Whittaker also highlighted the advantage of plant-based yogurts in terms of lower saturated fat content, making them a preferable choice for individuals concerned about heart health. However, she advised consumers to read labels carefully, as some plant-based yogurts may contain added oils or fats that contribute to overall fat content.

The study also addressed the sugar content in both plant-based and dairy yogurts, revealing variations among different products. Whittaker urged individuals to be mindful of their sugar intake and opt for yogurts with minimal or no added sugars, regardless of their dairy or plant-based nature.

Considering specific nutritional needs, dairy yogurts were found to contain higher amounts of calcium and vitamin B12, which are important for bone health, nerve function, and red blood cell production. On the other hand, plant-based yogurts were found to be richer in dietary fiber, promoting digestive health and a feeling of fullness.

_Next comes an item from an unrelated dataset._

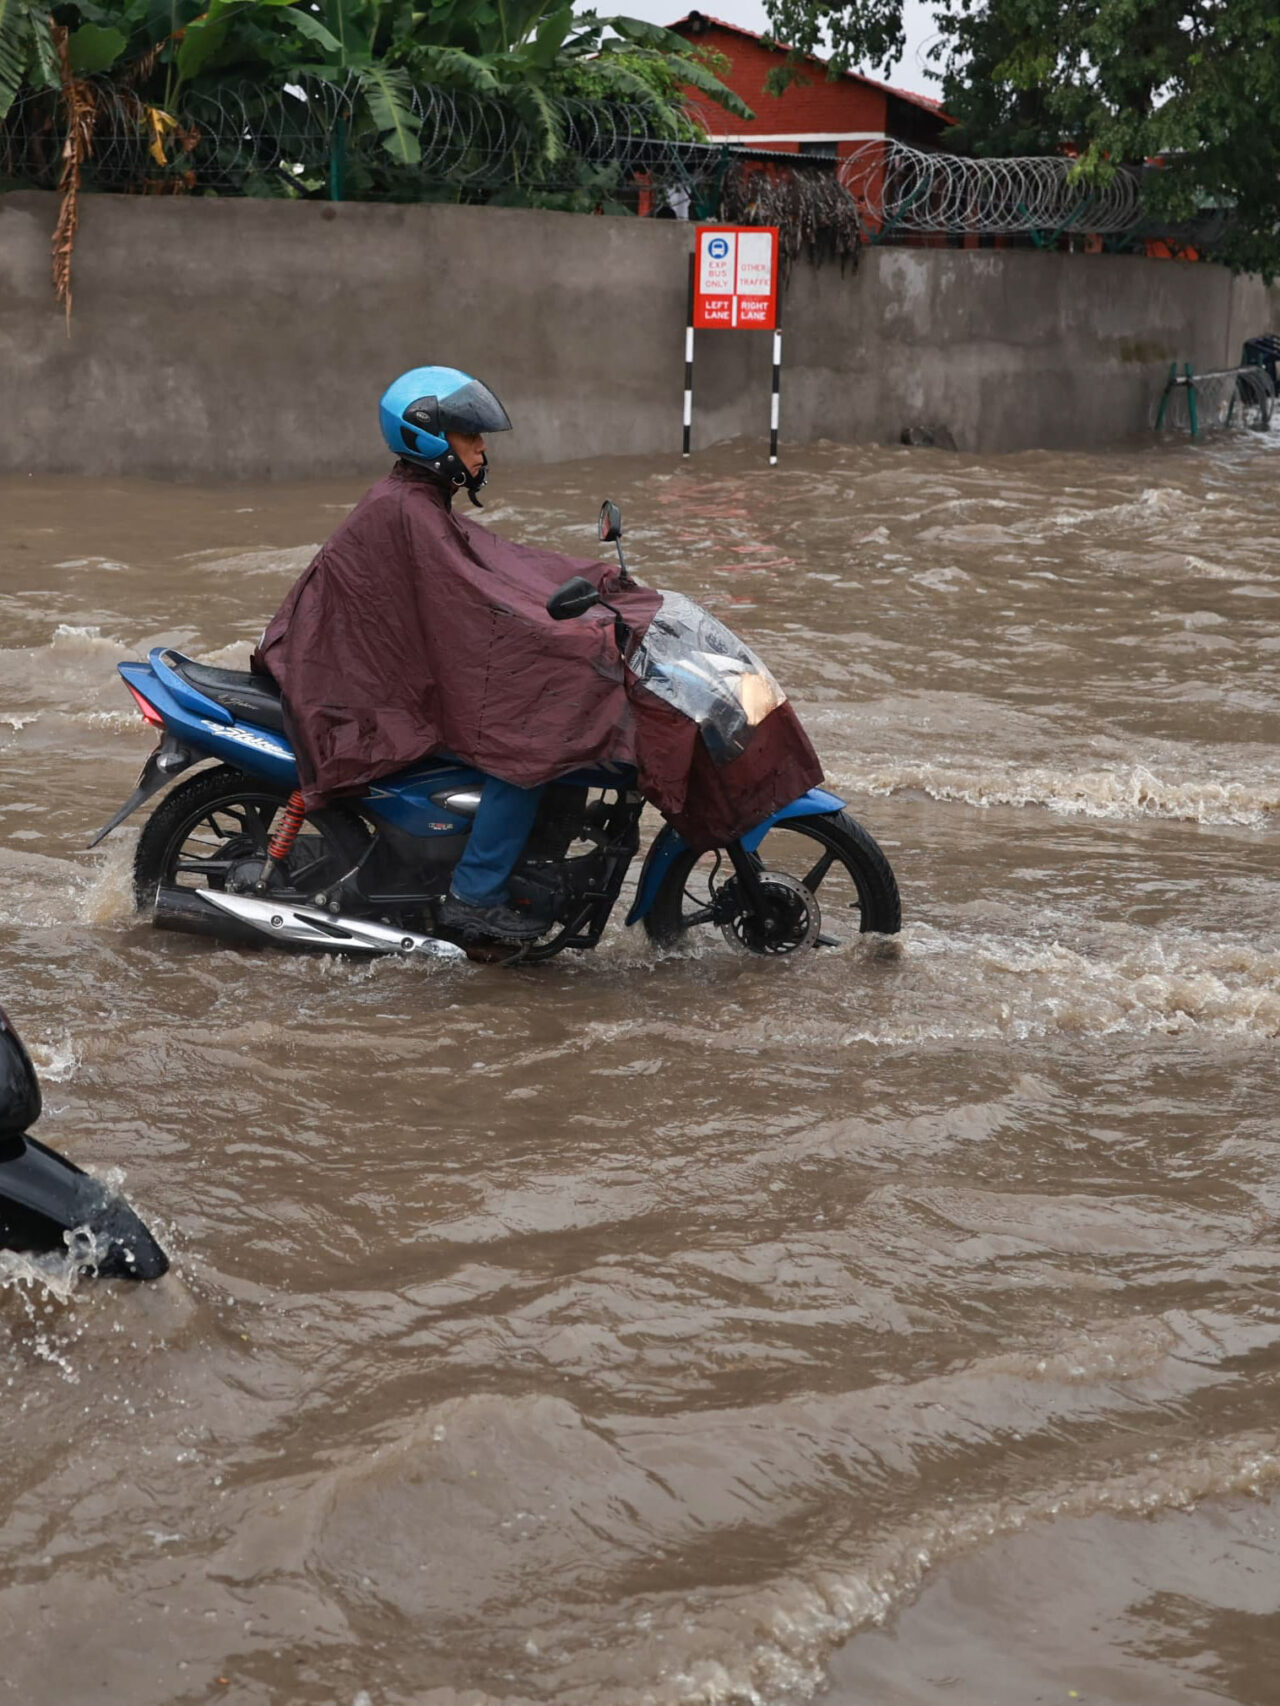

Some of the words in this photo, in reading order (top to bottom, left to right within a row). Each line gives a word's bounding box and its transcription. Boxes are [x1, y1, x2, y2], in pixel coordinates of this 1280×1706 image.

Plant-based eating, as explained by Mary Sabat, a registered dietitian and ACE personal trainer, offers numerous health and environmental benefits. Sabat emphasized that plant-based diets, rich in nutrients, vitamins, minerals, and fiber while low in saturated fats and cholesterol, can reduce the risk of chronic conditions such as heart disease, type 2 diabetes, certain cancers, and obesity. Moreover, they aid in digestion and weight management.

Sabat highlighted the environmental sustainability of plant-based diets, as they have a lower carbon footprint and require fewer natural resources compared to animal-based diets. Shifting towards a plant-based diet can contribute to a more sustainable future.

For those interested in embracing a plant-based diet, Whittaker and Sabat offered simple ways to get started:

  1. Start gradually by incorporating more plant-based meals into your diet, gradually increasing their frequency.
  2. Add a variety of colorful fruits, vegetables, and whole grains to your plate, experimenting with different flavors and cooking methods.
  3. Reduce meat consumption and opt for plant-based protein sources like beans, lentils, tofu, tempeh, seitan, and edamame.